BEGIN Records shown

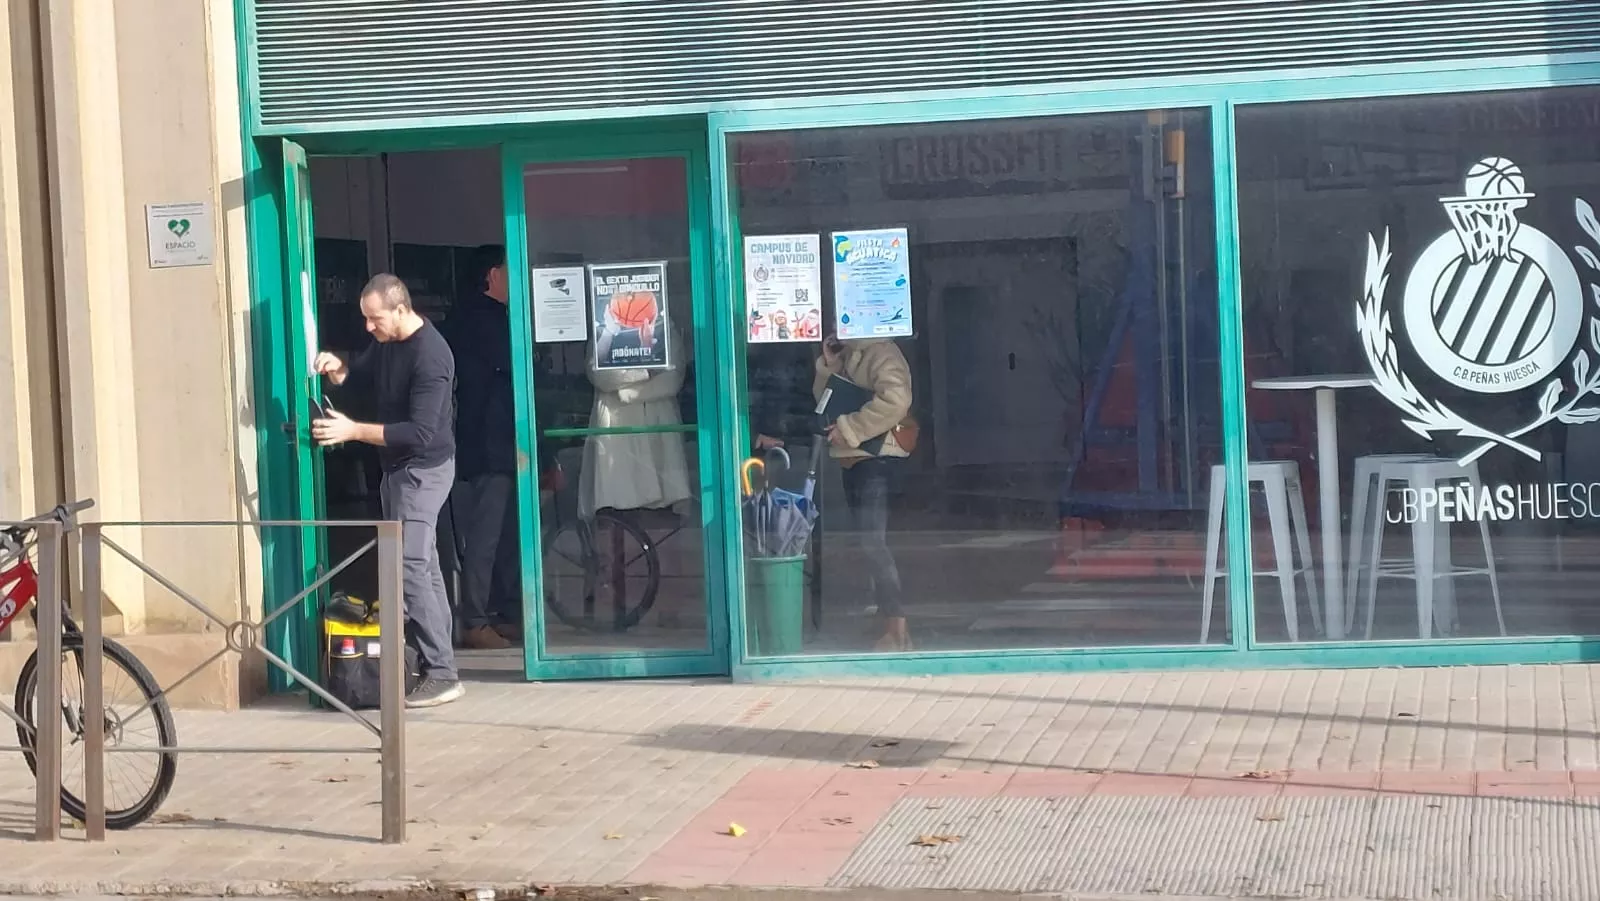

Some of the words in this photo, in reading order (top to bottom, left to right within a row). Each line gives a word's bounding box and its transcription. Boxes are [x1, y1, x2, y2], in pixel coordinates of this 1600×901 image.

[889, 128, 1068, 181] CROSSFIT
[165, 240, 197, 250] ESPACIO
[750, 241, 792, 254] CAMPUS
[794, 241, 809, 253] DE
[772, 252, 816, 265] NAVIDAD
[1503, 360, 1541, 383] HUESCA
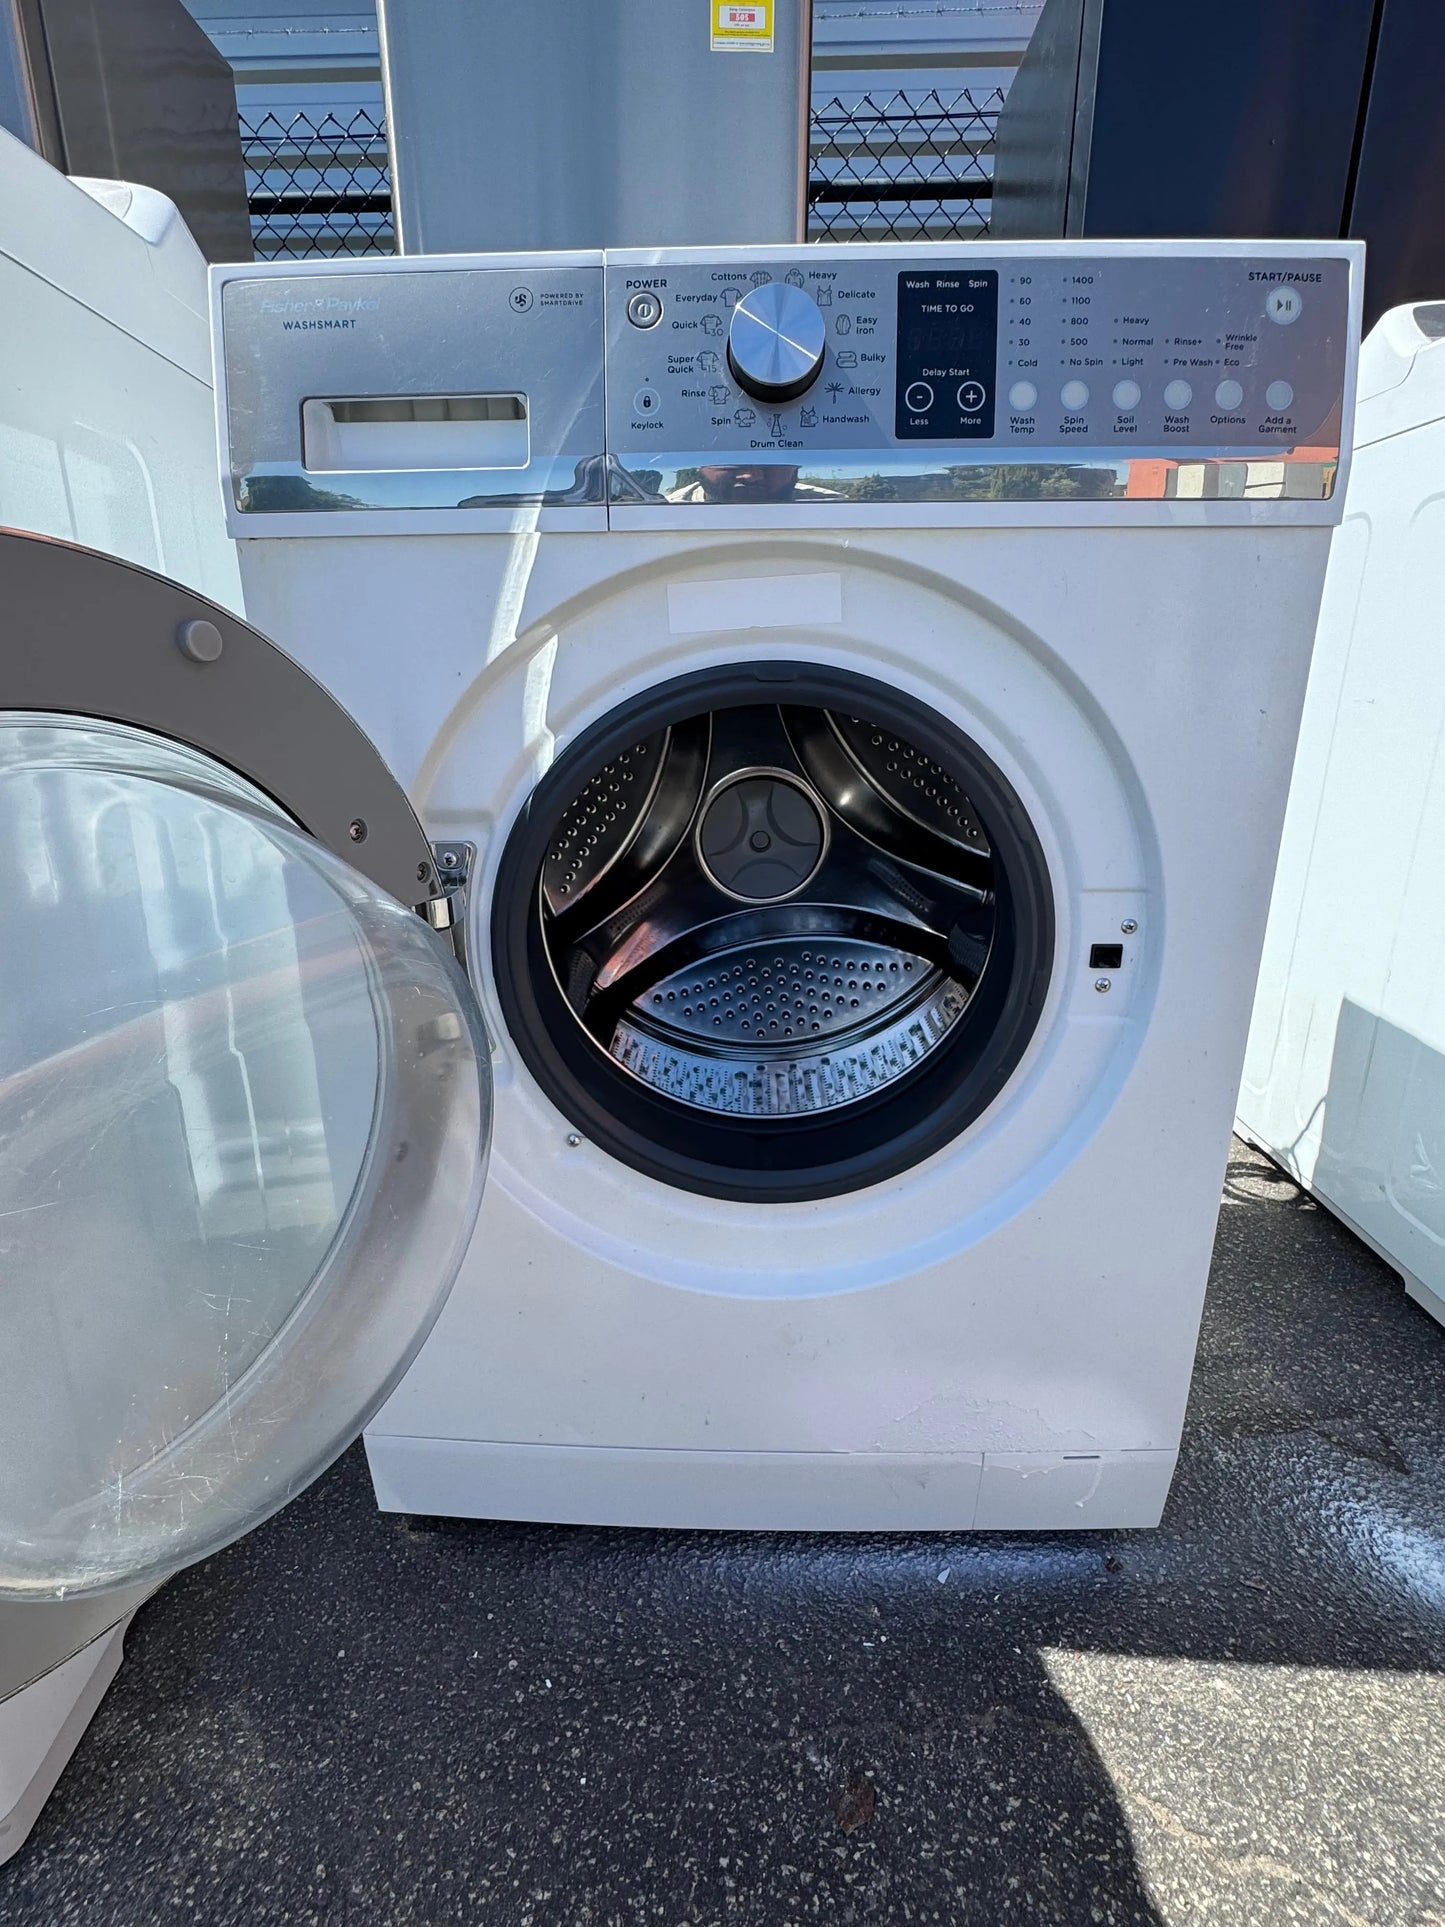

END Records shown

### Exercise prompt:
In the copy, include every line of the entries above exactly and none of the pictures.

### Expected output:
Some of the words in this photo, in reading order (top to bottom, left to right within a row). Each line gives a word's bounding box and its transcription. Boxes are [x1, y1, x2, y2], in pixel coordinates of this 1600×901 image.

[889, 128, 1068, 181] CROSSFIT
[165, 240, 197, 250] ESPACIO
[750, 241, 792, 254] CAMPUS
[794, 241, 809, 253] DE
[772, 252, 816, 265] NAVIDAD
[1503, 360, 1541, 383] HUESCA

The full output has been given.